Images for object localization
⁂

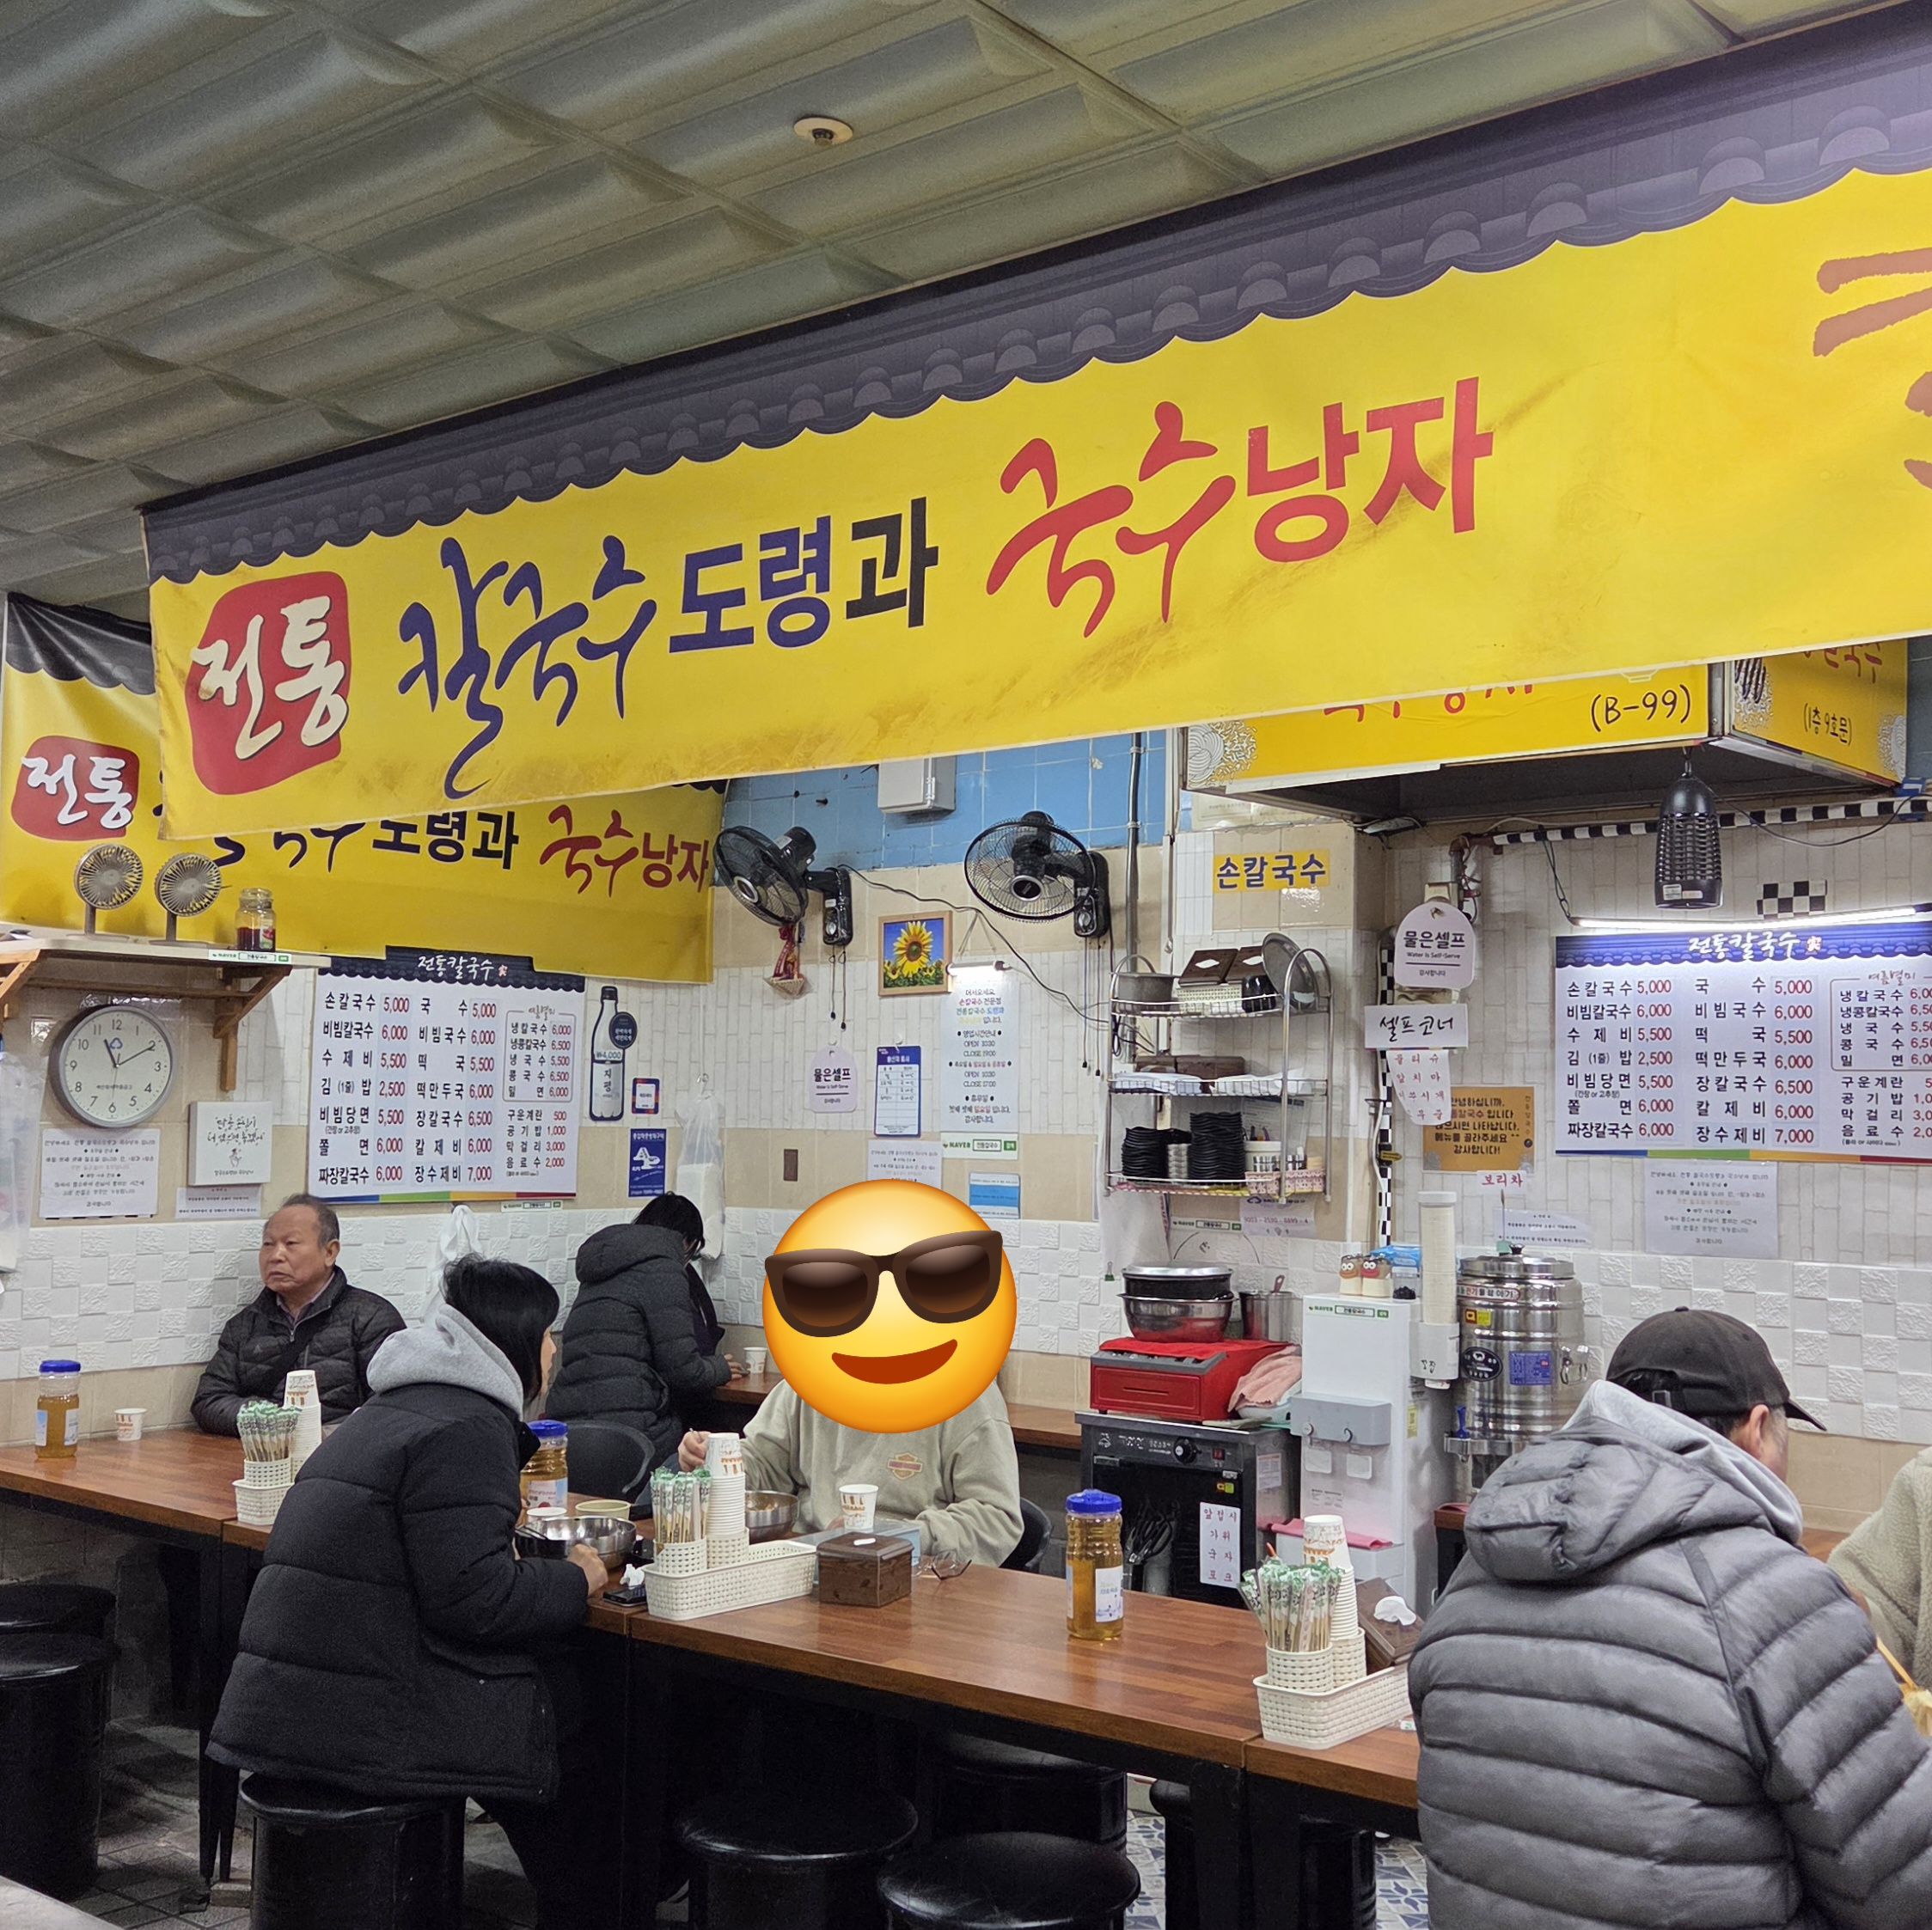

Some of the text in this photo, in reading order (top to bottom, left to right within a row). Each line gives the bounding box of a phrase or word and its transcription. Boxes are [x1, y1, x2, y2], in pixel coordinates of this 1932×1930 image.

[191, 595, 350, 761] 전통
[1590, 683, 1692, 732] (B-99)
[21, 753, 133, 830] 전통
[1216, 852, 1327, 889] 손칼국수
[1403, 931, 1465, 949] 물은셀프
[1689, 931, 1801, 960] 전통칼국수
[418, 954, 495, 981] 전통칼국수
[1567, 980, 1633, 998] 손칼국수
[1637, 979, 1672, 995] 5,000
[1774, 980, 1813, 996] 5,000
[1840, 989, 1904, 1003] 냉칼국수
[325, 992, 376, 1012] 손칼국수
[383, 997, 409, 1013] 5,000
[473, 1003, 496, 1020] 5,000
[1567, 1003, 1632, 1021] 비빔칼국수
[1636, 1003, 1672, 1019] 6,000
[1695, 1001, 1766, 1019] 비빔국수
[1774, 1005, 1813, 1021] 6,000
[93, 1023, 101, 1036] 11
[111, 1018, 122, 1031] 12
[135, 1025, 139, 1036] 1
[323, 1020, 374, 1040] 비빔칼국수
[382, 1024, 407, 1041] 6,000
[419, 1026, 467, 1045] 비빔국수
[471, 1029, 495, 1047] 6,000
[552, 1023, 572, 1036] 6,000
[1379, 1015, 1454, 1042] 셀프 코너
[77, 1038, 89, 1051] 10
[1637, 1026, 1672, 1043] 5,500
[1774, 1029, 1813, 1046] 5,500
[551, 1040, 571, 1052] 6,500
[69, 1060, 77, 1072] 9
[154, 1060, 162, 1072] 3
[380, 1053, 407, 1070] 5,500
[470, 1056, 494, 1073] 5,500
[550, 1055, 571, 1067] 5,500
[1637, 1050, 1673, 1066] 2,500
[1695, 1051, 1767, 1068] 떡만두국
[1774, 1054, 1814, 1071] 6,000
[549, 1071, 570, 1083] 6,500
[813, 1067, 852, 1083] 물은셀프
[1567, 1072, 1904, 1095] 비빔당면 5,500 장칼국수 6,500 구운계란
[74, 1081, 83, 1093] 8
[144, 1082, 152, 1094] 4
[379, 1080, 406, 1098] 2,500
[417, 1082, 464, 1101] 떡만두국
[469, 1084, 493, 1101] 6,000
[548, 1086, 569, 1098] 6,000
[89, 1095, 99, 1108] 7
[108, 1102, 116, 1114] 6
[129, 1095, 138, 1107] 5
[1638, 1098, 1674, 1114] 6,000
[1775, 1104, 1814, 1121] 6,000
[320, 1106, 370, 1124] 비빔당면
[377, 1109, 404, 1127] 5,500
[416, 1109, 463, 1128] 장칼국수
[468, 1110, 492, 1128] 6,500
[553, 1110, 567, 1121] 500
[1452, 1109, 1514, 1120] 통칼국수 입니다
[547, 1125, 566, 1136] 1,000
[1567, 1121, 1634, 1139] 짜장칼국수
[1638, 1122, 1675, 1138] 6,000
[1696, 1126, 1766, 1145] 장수제비
[1775, 1128, 1815, 1145] 7,000
[376, 1137, 403, 1155] 6,000
[468, 1137, 492, 1155] 6,000
[545, 1141, 566, 1152] 3,000
[545, 1157, 566, 1169] 2,000
[318, 1164, 492, 1186] 짜장칼국수 6,000 장수제비 7,000
[1482, 1172, 1524, 1188] 보리차
[1210, 1529, 1231, 1542] 가위
[1208, 1569, 1232, 1582] 포크

⁂

■ INSTRUCTIONS TO FOLLOW ■
Write out all the records again, exactly, minus any pictures.

■ ANSWER TO THE PROBLEM ■
Some of the text in this photo, in reading order (top to bottom, left to right within a row). Each line gives the bounding box of a phrase or word and its transcription. Boxes are [x1, y1, x2, y2], in pixel coordinates of this 1932×1930 image.

[191, 595, 350, 761] 전통
[1590, 683, 1692, 732] (B-99)
[21, 753, 133, 830] 전통
[1216, 852, 1327, 889] 손칼국수
[1403, 931, 1465, 949] 물은셀프
[1689, 931, 1801, 960] 전통칼국수
[418, 954, 495, 981] 전통칼국수
[1567, 980, 1633, 998] 손칼국수
[1637, 979, 1672, 995] 5,000
[1774, 980, 1813, 996] 5,000
[1840, 989, 1904, 1003] 냉칼국수
[325, 992, 376, 1012] 손칼국수
[383, 997, 409, 1013] 5,000
[473, 1003, 496, 1020] 5,000
[1567, 1003, 1632, 1021] 비빔칼국수
[1636, 1003, 1672, 1019] 6,000
[1695, 1001, 1766, 1019] 비빔국수
[1774, 1005, 1813, 1021] 6,000
[93, 1023, 101, 1036] 11
[111, 1018, 122, 1031] 12
[135, 1025, 139, 1036] 1
[323, 1020, 374, 1040] 비빔칼국수
[382, 1024, 407, 1041] 6,000
[419, 1026, 467, 1045] 비빔국수
[471, 1029, 495, 1047] 6,000
[552, 1023, 572, 1036] 6,000
[1379, 1015, 1454, 1042] 셀프 코너
[77, 1038, 89, 1051] 10
[1637, 1026, 1672, 1043] 5,500
[1774, 1029, 1813, 1046] 5,500
[551, 1040, 571, 1052] 6,500
[69, 1060, 77, 1072] 9
[154, 1060, 162, 1072] 3
[380, 1053, 407, 1070] 5,500
[470, 1056, 494, 1073] 5,500
[550, 1055, 571, 1067] 5,500
[1637, 1050, 1673, 1066] 2,500
[1695, 1051, 1767, 1068] 떡만두국
[1774, 1054, 1814, 1071] 6,000
[549, 1071, 570, 1083] 6,500
[813, 1067, 852, 1083] 물은셀프
[1567, 1072, 1904, 1095] 비빔당면 5,500 장칼국수 6,500 구운계란
[74, 1081, 83, 1093] 8
[144, 1082, 152, 1094] 4
[379, 1080, 406, 1098] 2,500
[417, 1082, 464, 1101] 떡만두국
[469, 1084, 493, 1101] 6,000
[548, 1086, 569, 1098] 6,000
[89, 1095, 99, 1108] 7
[108, 1102, 116, 1114] 6
[129, 1095, 138, 1107] 5
[1638, 1098, 1674, 1114] 6,000
[1775, 1104, 1814, 1121] 6,000
[320, 1106, 370, 1124] 비빔당면
[377, 1109, 404, 1127] 5,500
[416, 1109, 463, 1128] 장칼국수
[468, 1110, 492, 1128] 6,500
[553, 1110, 567, 1121] 500
[1452, 1109, 1514, 1120] 통칼국수 입니다
[547, 1125, 566, 1136] 1,000
[1567, 1121, 1634, 1139] 짜장칼국수
[1638, 1122, 1675, 1138] 6,000
[1696, 1126, 1766, 1145] 장수제비
[1775, 1128, 1815, 1145] 7,000
[376, 1137, 403, 1155] 6,000
[468, 1137, 492, 1155] 6,000
[545, 1141, 566, 1152] 3,000
[545, 1157, 566, 1169] 2,000
[318, 1164, 492, 1186] 짜장칼국수 6,000 장수제비 7,000
[1482, 1172, 1524, 1188] 보리차
[1210, 1529, 1231, 1542] 가위
[1208, 1569, 1232, 1582] 포크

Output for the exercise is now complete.